Посмотреть на них, так Калиньяк, Готье и Лусса развлекались не хуже моей ребятни.
– А ты как?
– Да так.
Калиньяк обхватил меня за плечи своими ручищами кулачного бойца.
– Не время киснуть, старик; ты знаешь, какой у нас первый тираж «Властелина денег»?
– Три экземпляра?
– Не валяй дурака, Малоссен, восемьсот тысяч! Сразу восемьсот тысяч экземпляров.
Вопрос. Если я спрошу, какое ваше главное качество, Ж. Л. В., что бы вы мне ответили?
Ответ. Действовать.
В. А ваш главный недостаток?
О. Я не во всем преуспел.
В. Значит, вам знакомы провалы? Глядя на вас, в это невозможно поверить!
О. Иногда я проигрывал, но я всегда извлекал из своих поражений уроки, которые, в конечном счете, ведут к победе.
В. Что бы вы посоветовали сегодня молодому человеку, который готов действовать?
О. По-настоящему хотеть того, чего хочешь, рано вставать и полагаться только на себя.
В. Откуда появляются персонажи ваших романов?
О. Из моей воли к победе.
В. Женщины в ваших романах, все до одной, красивы, молоды, умны, привлекательны...
О. Да, но они обязаны этим в первую очередь самим себе. Они становятся такими, какими хотели казаться, а потом сживаются с этим созданным в себе образом.
В. Если я правильно вас поняла, все могут стать красивыми, умными и богатыми?
О. Вопрос воли.
В. Красота – вопрос воли?
О. Красота идет изнутри. Мы можем позволить ей проявиться.

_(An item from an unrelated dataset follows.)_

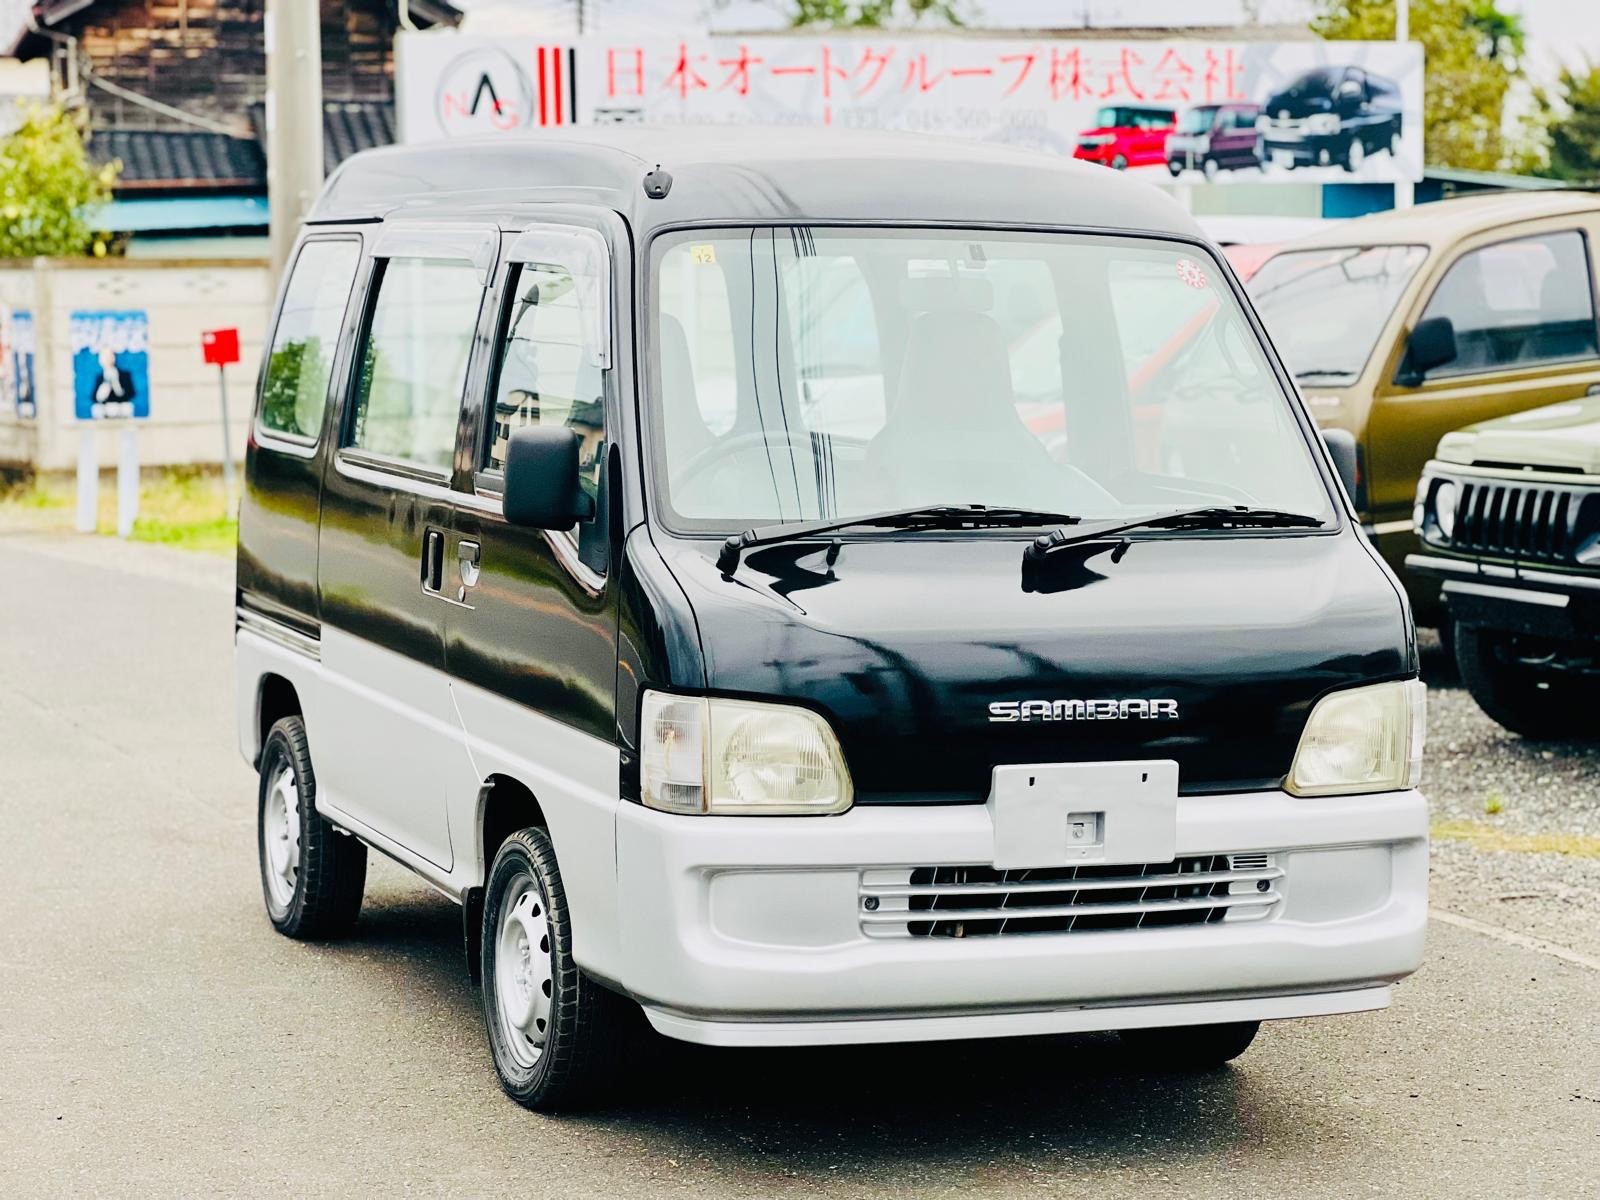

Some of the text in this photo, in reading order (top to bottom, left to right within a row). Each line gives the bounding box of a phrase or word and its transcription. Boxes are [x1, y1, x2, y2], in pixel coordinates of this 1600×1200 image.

[604, 44, 1246, 102] 日本オートグループ株式会社
[988, 699, 1179, 722] SAMBAR

В. Вы постоянно говорите о воле. Вы презираете слабых?
О. Нет слабых; есть люди, которые не хотят по-настоящему того, чего хотят.
В. А сами вы всегда хотели быть богатым?
О. С четырех лет, как только понял, что беден.
В. Реванш у жизни?
О. Скорее, завоевание.
В. Счастье в деньгах?
О. Они – его первая и главная составляющая.
В. Ваши герои становятся богатыми, будучи еще совсем юными, и возраст – одна из тем, к которым вы возвращаетесь наиболее часто. Что вы думаете о возрасте?
До сих пор все шло как по маслу. Она заучила вопросы по порядку, и я тоже отвечал по порядку. Два декламатора, окучивающие каждый одуванчик в цветнике глупости. Она сама себя загнала в угол и уже не знала ни как сесть, ни куда смотреть; редактор, должно быть, довел ее бесконечными наставлениями, и теперь она, вероятно, панически боялась лишь одного: только бы правильно начать, только бы я верно ответил на первый вопрос: «Ж. Л. В., вы уже так много написали, вас переводят на языки всего мира, число ваших читателей достигает миллионов, как же могло так случиться, что вы еще ни разу не давали интервью и нигде не появлялись ваши снимки?» И, к ее огромному облегчению, я выдал правильный ответ, ответ № 1: «У меня было много работы. Отвечая сегодня на ваши вопросы, я позволил себе первое послабление за эти последние семнадцать лет». И так далее, вниз по списку, как перечень блюд в китайском ресторане.
И вдруг – этот вопрос насчет возраста.
А у меня в памяти – провал.
Или нет, скорее – помутнение рассудка.
Я вдруг снова представил себя у Шаботта. Шаботт, разыгрывающий передо мной и Королевой Забо великого немого над картой мира, Шаботт – законодатель наук и искусств, одиноко кружащий во мраке своей библиотеки, Шаботт поучает меня по поводу встречи в апартаментах «Крийона», но особенно, перед самым моим отправлением, Шаботт берет меня под руку, так запросто, по-приятельски, будто мы с ним тысячу лет знакомы:
– Идемте, я вам кое-что покажу.
И так как я замешкался, бросая умоляющие взгляды на начальницу, он поспешил предупредить:
– Нет, нет, ждите нас здесь, дорогая, мы скоро вернемся.
Он потащил меня за собой, проносясь как сумасшедший по коридорам под безразличные взгляды прислуги – их этим не удивишь, взлетел по лестнице, прыгая через ступеньку (я – волочусь следом, как чучело соломенное), и, выйдя на финишную прямую, просвистел с бешеной скоростью, как шар в боулинге, по начищенному паркету коридора, прежде чем впилиться в массивную дверь – врата иного мира, не меньше. Две-три секунды, чтобы перевести дух, и вот он распахивает дверь, восклицая тонким срывающимся голосом:
– Смотрите!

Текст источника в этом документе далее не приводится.